Foi este território que Emmanuel Lepage visitou, numa viagem que durou 30 dias e da qual nasceu este belíssimo álbum, que assume um tom, simultaneamente de documentário e relato de viagem, raramente atingido aos quadradinhos.
Para essa dupla vertente, contribui bastante o grafismo adoptado: desenho mais realista, a preto, branco e cinzento, para narrar os diversos acontecimentos do périplo e retratar aqueles com quem Lepage conviveu ao longo de um mês; esboços coloridos – fantásticos pela sua beleza, realismo e naturalidade - feitos no local, para ilustrar aspectos dos vários locais visitados: fauna, flora, lugares. Efeito acentuado pelas diferentes texturas do papel utilizados num e noutro caso. (A um outro nível, este livro é também um interessante documento sobre a forma de trabalhar do autor, como ele ataca o esboço, como vai aperfeiçoando o traço, como aplica a cor…)
Apesar do óbvio carácter autobiográfico do relato, Lepage – ao contrário do que têm feito muitos dos seus pares – assume um tom contido no que lhe diz respeito – sem que isso implique apagar-se por completo, pois ao longo das páginas vamos tendo conhecimento dos seus longos enjoos, de sentimentos, emoções e descobertas – chega a comparar, pela desolação da paisagem, uma das ilhas em que desembarca com… a Lua.

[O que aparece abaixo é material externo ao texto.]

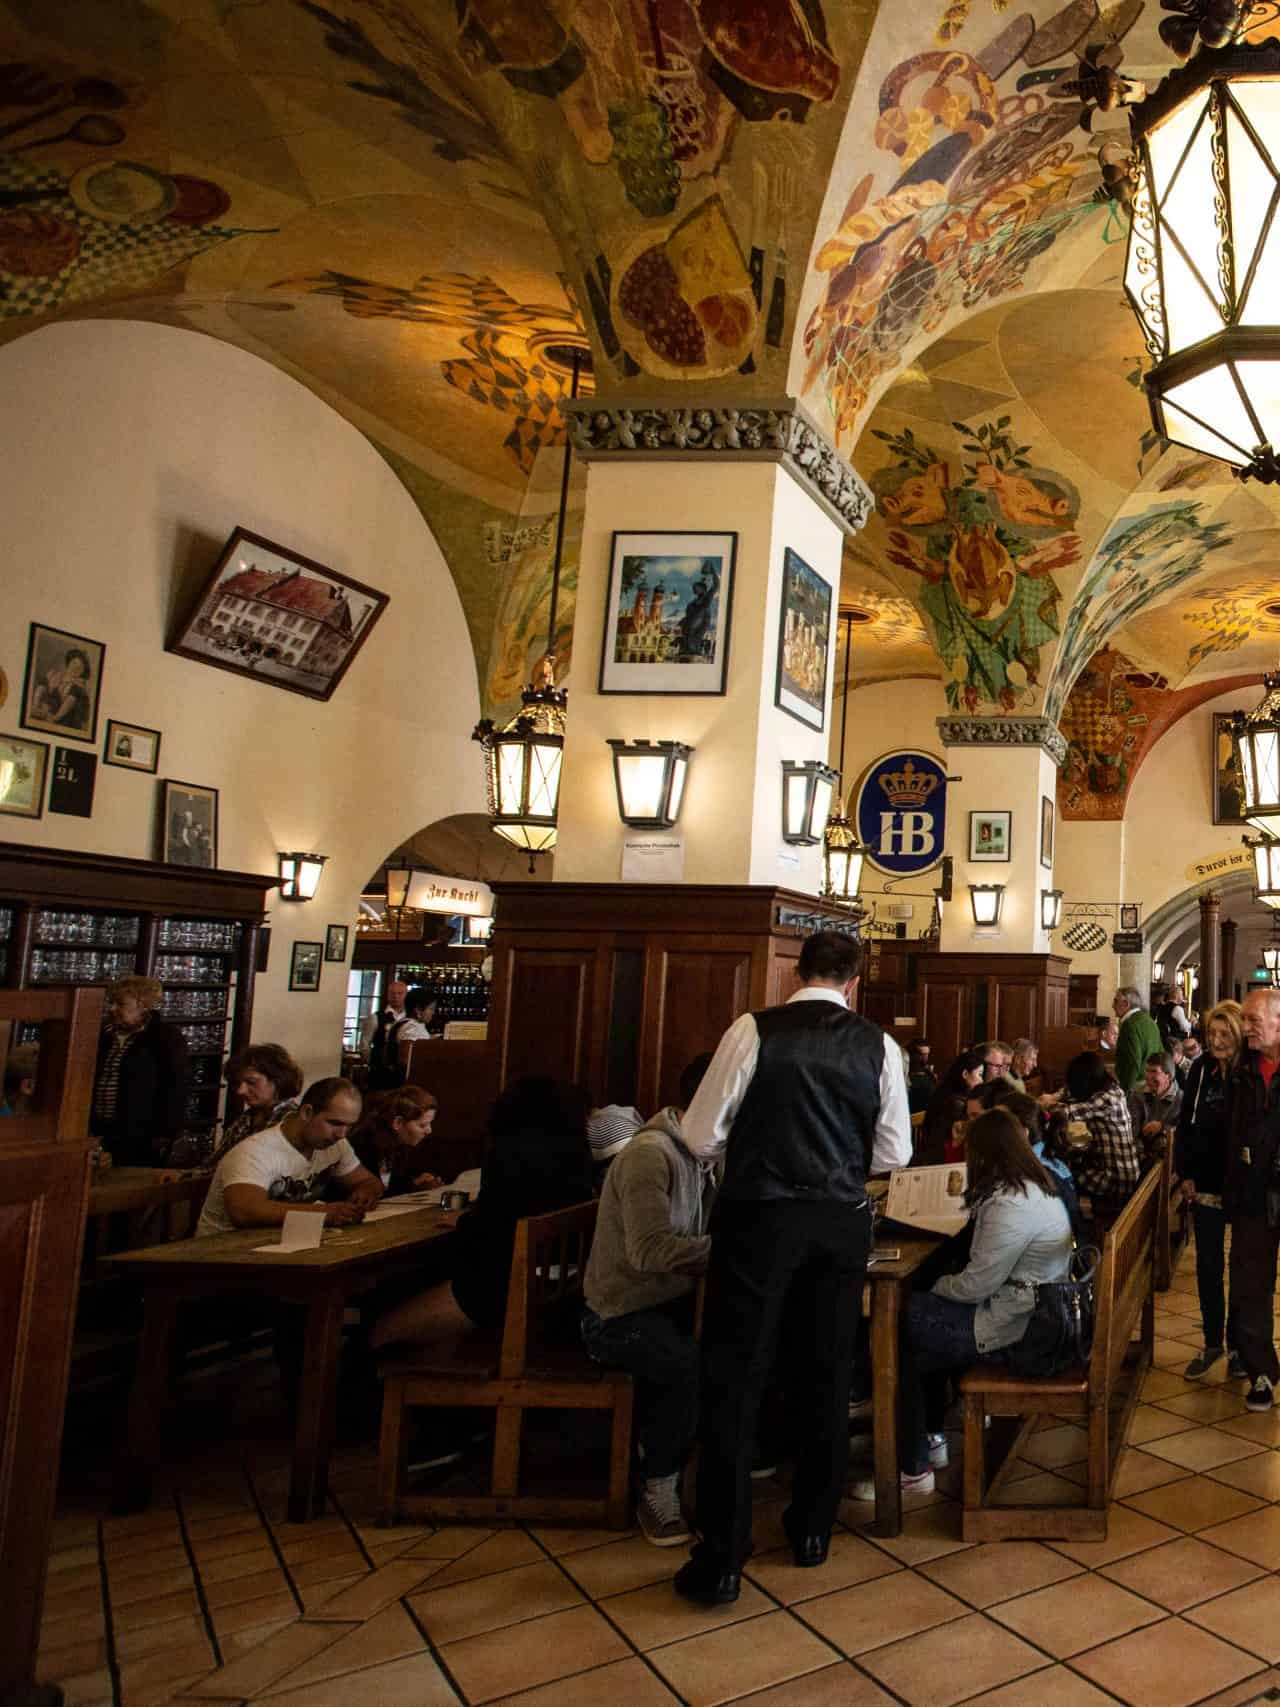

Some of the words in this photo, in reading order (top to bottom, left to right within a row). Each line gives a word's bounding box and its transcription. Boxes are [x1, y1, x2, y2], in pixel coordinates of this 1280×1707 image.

Até porque ele, apesar de tudo, através do relato vai-se revelando, descobrindo, mostrando, por exemplo, o que o levou a querer fazer BD, como esta foi uma oportunidade de dar assas aos seus sonhos de criança, nascidos das leituras de Hergé - “Tintin e a Estrela Misteriosa” -, Stevenson, Verne, etc…
Em vez disso, o autor preferiu dar o protagonismo à viagem viagem, que vai diversificando para além do facto em si. Dessa forma, retrata – no papel, nos sentimentos, nas motivações, alguns daqueles que consigo embarcaram – marinheiros, cientistas, políticos, turistas… - mas também daqueles com quem se cruza nas TAAF, gente que vive sozinha (uma dura realidade), isolada do mundo, meses a fio, sem internet nem telemóvel, com vivências difíceis, hábitos (tornados obrigatoriamente) diferentes…
Esta é a também uma oportunidade para conhecer um pouco da História das ilhas da Desolação (por exemplo, de como um dos seus descobridores caiu em desgraça, facto que levou a que só muitos anos mais tarde elas fossem baptizadas com o seu nome) e dos muitos atropelos ecológicos cometidos por ganância ou ignorância ao longo de dois séculos.
Por tudo isto, se este é um relato preciso – como um documentário – é também (muito) emotivo – como um diário ou um caderno de viagens.


A reter
- A força, a emoção, a densidade do relato.
- A arte – sublime – de Lepage, em especial nos esboços a cores.
- Por muitas vantagens – tecno-lógicas, finan-ceiras, de espaço, ecológicas – que cada vez mais (alguns) apontem aos e-books, nenhum, nunca poderá transmitir o prazer se sente ao ter nas mãos um livro como este. Robusto, pesado, em papel mate de 135 g, com um fantástico cheiro a tinta fresca…


Menos conseguido
- Confesso que a leitura deste (belíssimo!) álbum, foi uma das maiores surpresas e um dos maiores prazeres que tive nos últimos meses. E, por isso, relido este texto, fica a frustração de não ter conseguido, com ele, transmitir tanto quanto provocou em mim a leitura desta obra.
Deixo, em jeito de moral, uma frase de Lepage: “Estas terras ensinam a humildade”.

2 comentários:

  1. Magnífico, Pedro, magnífico livro! Cruzei-me com ele por acaso, um cliente da FNAC Chiado encomendara-o e deixou-o lá, folheei-o, e oops, fez a minha felicidade no final do ano! Acho que teria valido a pena cruzar a info sobre o livro com a obra anterior do Lepage. E chamar a atenção para o facto de ser uma lesão crónica (ver entrevista à ActuaBD) que leva o autor a trabalhar assim, saltitando entre simples "crayonés" e belas aguarelas, evitando sempre a caneta. E lamentar ainda a miopia do júri de seleção de Angoulême ao esquecer este belo livro...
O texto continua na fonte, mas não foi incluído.